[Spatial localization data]
+===+

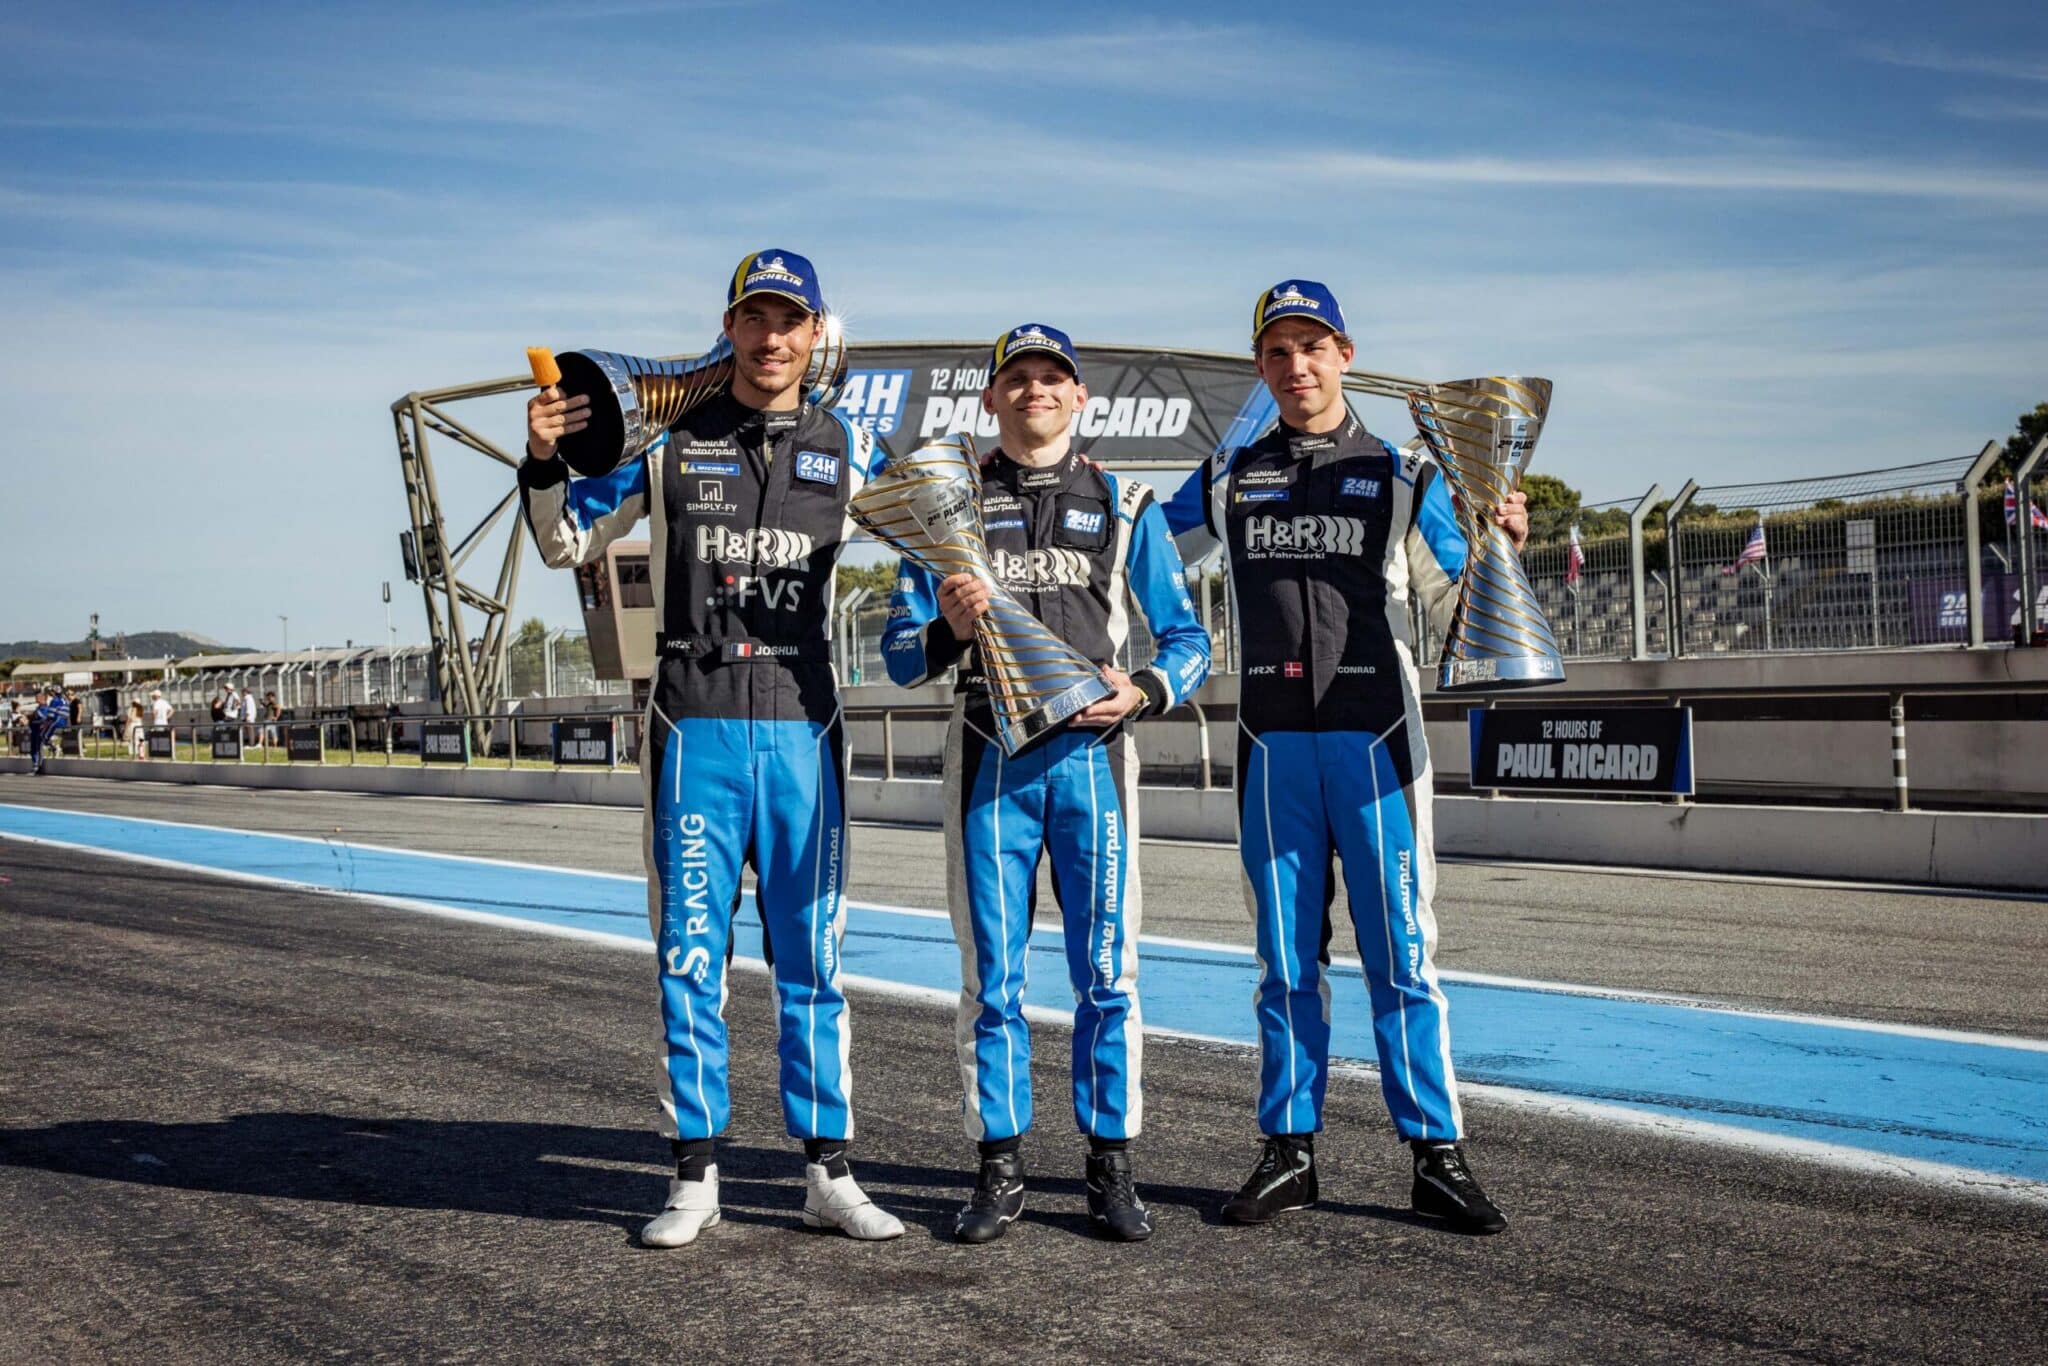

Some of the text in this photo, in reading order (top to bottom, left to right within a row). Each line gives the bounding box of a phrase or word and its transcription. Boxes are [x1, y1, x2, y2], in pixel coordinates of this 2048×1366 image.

[745, 271, 803, 287] MICHELIN
[1264, 299, 1320, 317] MICHELIN
[1005, 337, 1062, 353] MICHELIN
[931, 368, 990, 391] 12 HOU
[836, 374, 904, 415] 4H
[919, 396, 1192, 437] PAU ICARD
[682, 447, 737, 456] motorsport
[800, 455, 836, 475] 24H
[801, 470, 835, 482] SERIES
[1239, 476, 1288, 485] motorsport
[1345, 479, 1379, 492] 24H
[686, 503, 737, 512] SIMPLY-FY
[1066, 509, 1102, 527] 24H
[1245, 515, 1325, 551] H&R
[698, 525, 777, 566] H&R
[738, 576, 804, 612] FVS
[754, 646, 799, 656] JOSHUA
[1249, 665, 1277, 675] HRX
[1337, 666, 1376, 674] CONRAD
[1542, 721, 1603, 739] 12 HOURS OF
[1497, 743, 1659, 780] PAUL RICARD
[825, 826, 839, 915] motorsport
[1104, 810, 1121, 913] motorsport
[660, 812, 679, 937] SPIRIT OF
[679, 813, 709, 936] RACING
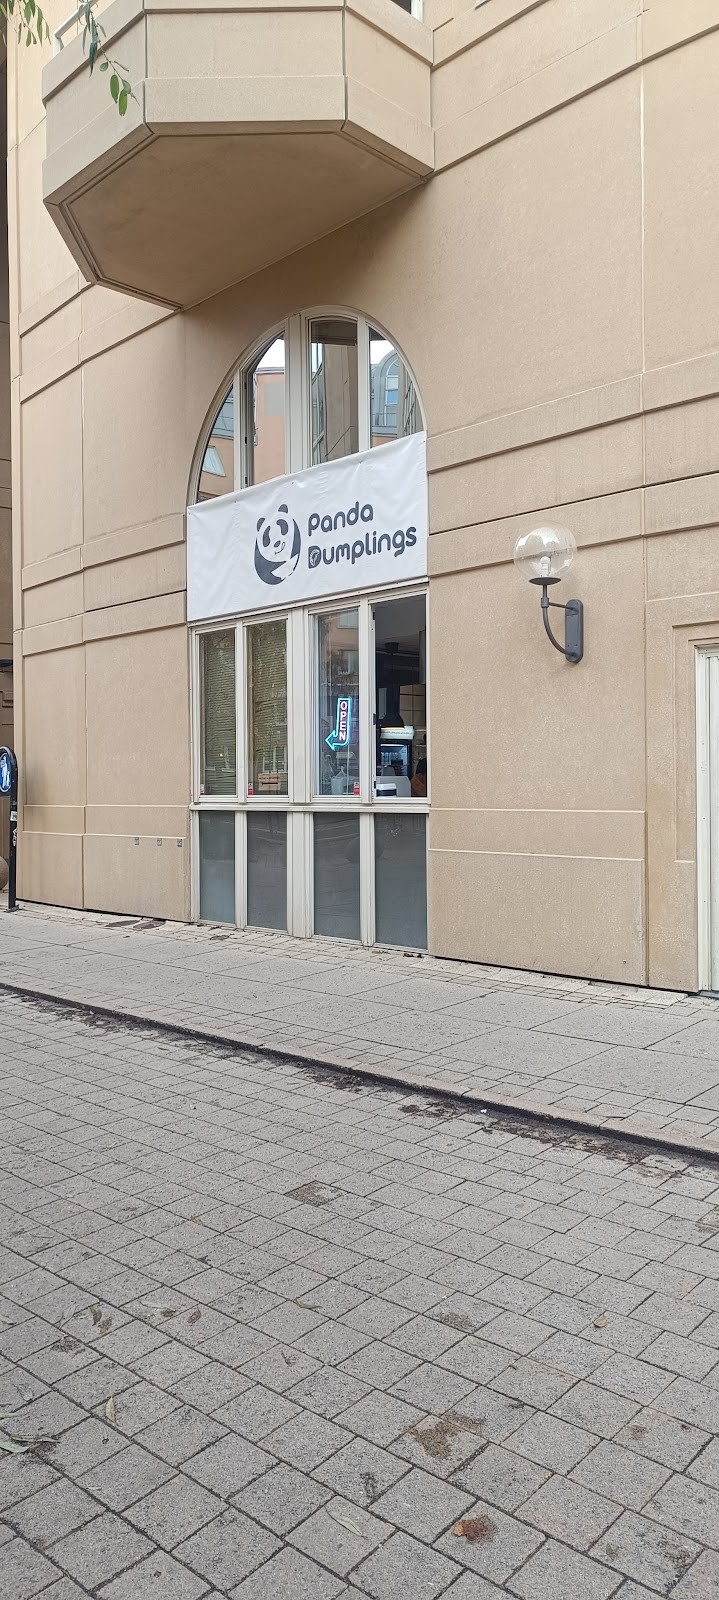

+===+

Task item >>
Leave every image out and retype the entries above word for word.

Output of the exercise >>
Some of the text in this photo, in reading order (top to bottom, left to right within a row). Each line gives the bounding box of a phrase or word and its transcription. Boxes are [x1, y1, x2, y2], in pixel coordinates of this 2048×1366 image.

[745, 271, 803, 287] MICHELIN
[1264, 299, 1320, 317] MICHELIN
[1005, 337, 1062, 353] MICHELIN
[931, 368, 990, 391] 12 HOU
[836, 374, 904, 415] 4H
[919, 396, 1192, 437] PAU ICARD
[682, 447, 737, 456] motorsport
[800, 455, 836, 475] 24H
[801, 470, 835, 482] SERIES
[1239, 476, 1288, 485] motorsport
[1345, 479, 1379, 492] 24H
[686, 503, 737, 512] SIMPLY-FY
[1066, 509, 1102, 527] 24H
[1245, 515, 1325, 551] H&R
[698, 525, 777, 566] H&R
[738, 576, 804, 612] FVS
[754, 646, 799, 656] JOSHUA
[1249, 665, 1277, 675] HRX
[1337, 666, 1376, 674] CONRAD
[1542, 721, 1603, 739] 12 HOURS OF
[1497, 743, 1659, 780] PAUL RICARD
[825, 826, 839, 915] motorsport
[1104, 810, 1121, 913] motorsport
[660, 812, 679, 937] SPIRIT OF
[679, 813, 709, 936] RACING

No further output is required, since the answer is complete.